Data records
=== Begin Enclosure ===

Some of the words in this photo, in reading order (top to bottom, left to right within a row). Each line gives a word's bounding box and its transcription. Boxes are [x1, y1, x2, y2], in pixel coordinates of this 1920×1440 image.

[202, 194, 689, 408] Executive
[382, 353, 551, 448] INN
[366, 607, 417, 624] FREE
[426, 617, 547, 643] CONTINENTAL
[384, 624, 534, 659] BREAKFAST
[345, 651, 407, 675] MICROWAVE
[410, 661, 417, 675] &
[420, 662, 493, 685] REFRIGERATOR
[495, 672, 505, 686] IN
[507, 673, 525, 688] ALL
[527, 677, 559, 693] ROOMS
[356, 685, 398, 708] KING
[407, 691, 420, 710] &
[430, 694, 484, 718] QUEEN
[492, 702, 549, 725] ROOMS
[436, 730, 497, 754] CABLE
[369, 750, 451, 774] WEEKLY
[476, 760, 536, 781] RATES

=== End Enclosure ===

_AIM OF THE EXERCISE_
Every record above needs to be returned in full, exactly.

_WRITTEN SOLUTION_
Some of the words in this photo, in reading order (top to bottom, left to right within a row). Each line gives a word's bounding box and its transcription. Boxes are [x1, y1, x2, y2], in pixel coordinates of this 1920×1440 image.

[202, 194, 689, 408] Executive
[382, 353, 551, 448] INN
[366, 607, 417, 624] FREE
[426, 617, 547, 643] CONTINENTAL
[384, 624, 534, 659] BREAKFAST
[345, 651, 407, 675] MICROWAVE
[410, 661, 417, 675] &
[420, 662, 493, 685] REFRIGERATOR
[495, 672, 505, 686] IN
[507, 673, 525, 688] ALL
[527, 677, 559, 693] ROOMS
[356, 685, 398, 708] KING
[407, 691, 420, 710] &
[430, 694, 484, 718] QUEEN
[492, 702, 549, 725] ROOMS
[436, 730, 497, 754] CABLE
[369, 750, 451, 774] WEEKLY
[476, 760, 536, 781] RATES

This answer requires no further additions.